There are a number of fried balls that are served as mezedes. In Santorini you have the tomato keftedes (fried tomato balls), and in Sifnos you have the fried revithia keftdes (chickpea balls), and in some places you have the kolokithea keftedes (photo) which are fried zucchini
balls. But for me there is nothing as good as the true keftedes, the small meatballs that are seasoned with mint and onions and are deep-fried. But you can have keftdes made
from just about anything including psarokeftedes (fish), octopodikeftedes (octopus), kotokeftedes (chicken), hortokeftedes (wildgreens), kavourikeftdes (crab) and prassokeftdes (leeks).
Loukaniko (sausages) make great mezedes and if they are on the menu I will order them which is one reason my cholesterol is so elevated. Pastourma (heavily seasoned smoked beef) sliced makes an easy meze if you are sitting on your hotel balcony with a glass of ouzo watching the sunset. Add a few olives and a piece of
cheese and you have a meze you can eat anywhere. There are a variety of small pitas which are triangles made with phyllo dough and filled with anything from feta cheese to ground beef, spinach, lambs liver or even pastourma. But if you get this as part of a large pikilia it will most likely be cheese. Stuffed grape leaves are a popular mezedes as are stuffed zucchini flowers on Lesvos. Bourekakia are served in Lesvos and these go back to the Ottomans. They are cheese filled pastry
rolls usually deep fried.
Fried or grilled peppers are a popular mezedes, especially the Florina peppers stuffed with cheese. The spicier the cheese the more I like it but unless you are traveling in Northern Greece it is unlikely to be to hot to handle. Volvi which are the bulbs of the tassled hyacinth that are pickled are eaten during the sarokostiani, the 40
days of fasting for lent make a good meze. The big dips are skordalia which is made from garlic and bread or potatoes and goes with bakaliaro (fried cod), galeos (shark), and badzaria (beets) but tastes great on bread too. The same goes for sadziki which most people know as the white yogurt-cucumber-garlic sauce that comes on souvlaki but is just as good as a dip for fried kolokithea (zucchini) and melitzana (eggplant) and on bread. Melitzana salata
salad), fava (yellow split pea puree), and tarama salata (fish roe salad) are also popular mezedes.

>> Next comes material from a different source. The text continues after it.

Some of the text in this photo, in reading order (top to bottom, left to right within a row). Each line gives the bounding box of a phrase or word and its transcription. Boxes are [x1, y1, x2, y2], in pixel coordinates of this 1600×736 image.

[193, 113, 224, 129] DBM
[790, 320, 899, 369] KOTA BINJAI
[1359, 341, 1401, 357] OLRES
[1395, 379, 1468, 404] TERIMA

Some great places to get traditional no frills mezedes, if you can't get to the remote villages of Lesvos, are in the working class cafes in or near the fish and meat markets in Athens and on the bigger islands. In Athens most of the restaurants in the neighborhood of Psiri
specialize in fancy mezedes that can be expensive and sometimes not very good. But there are a few that have integrity and reasonable prices such as Naxos, Evi and Platia Iroon.

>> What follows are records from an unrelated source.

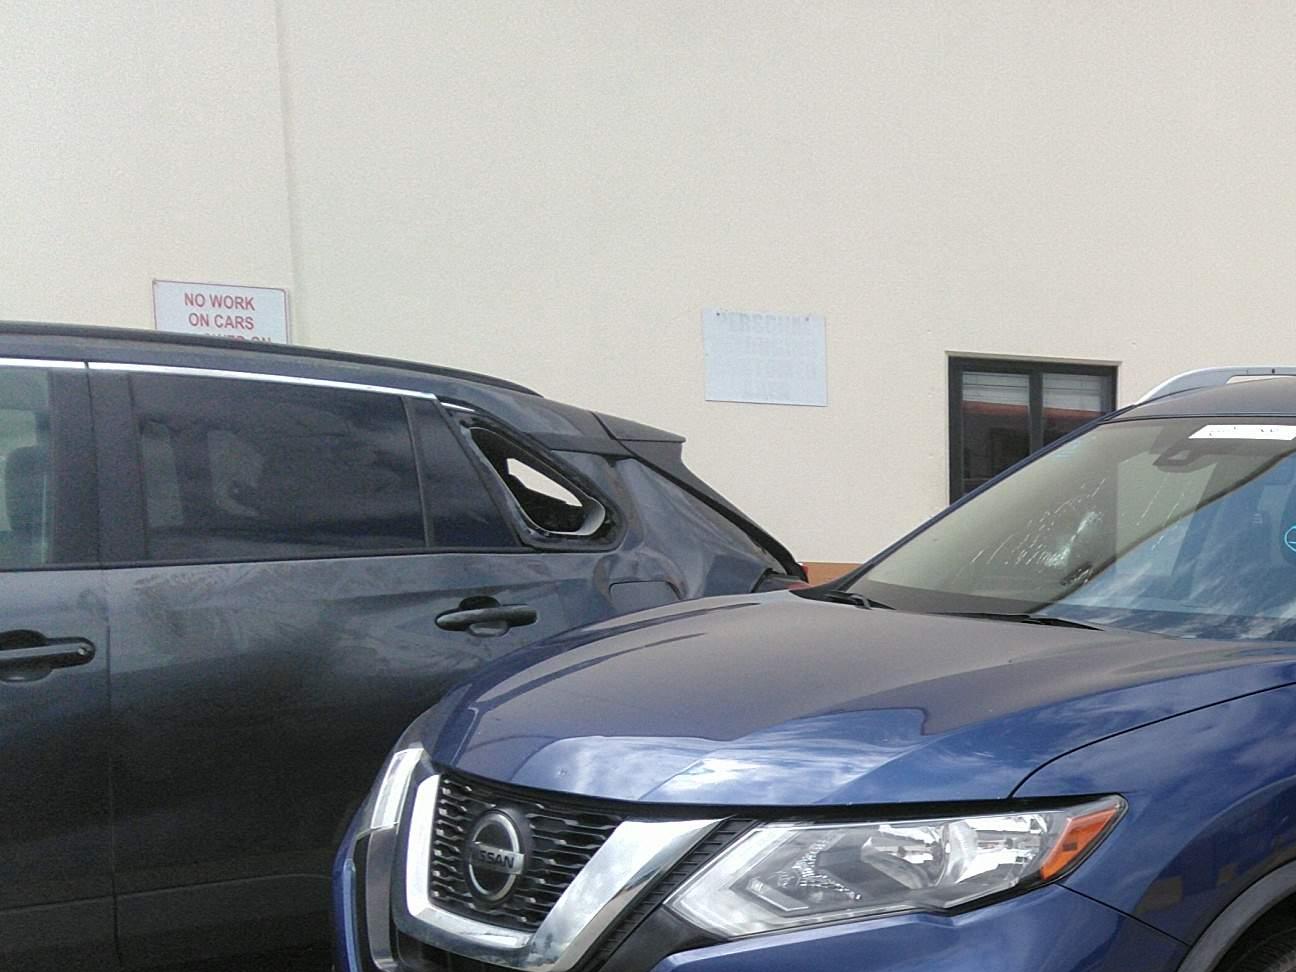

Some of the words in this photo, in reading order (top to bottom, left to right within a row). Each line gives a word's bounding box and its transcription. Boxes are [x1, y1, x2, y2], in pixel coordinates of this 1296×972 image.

[184, 292, 205, 307] NO
[209, 293, 255, 311] WORK
[188, 312, 209, 327] ON
[214, 314, 254, 330] CARS
[472, 848, 515, 869] SSAN

In the Plaka To Cafeneon on Kydatheneon Street is a safe bet as is Paradoisako Cafeneon during off hours, or check out Thission or Foikinos Negri where there are several traditional ouzeries. But your best bet is to go to Lavrion, or Volos or Mytilini or Thessaloniki or Chios and find some hole-in-the-wall where the men's voices are loud and the atmosphere is more smokey than decorous, sit down and order an ouzo me meze and see what they bring you.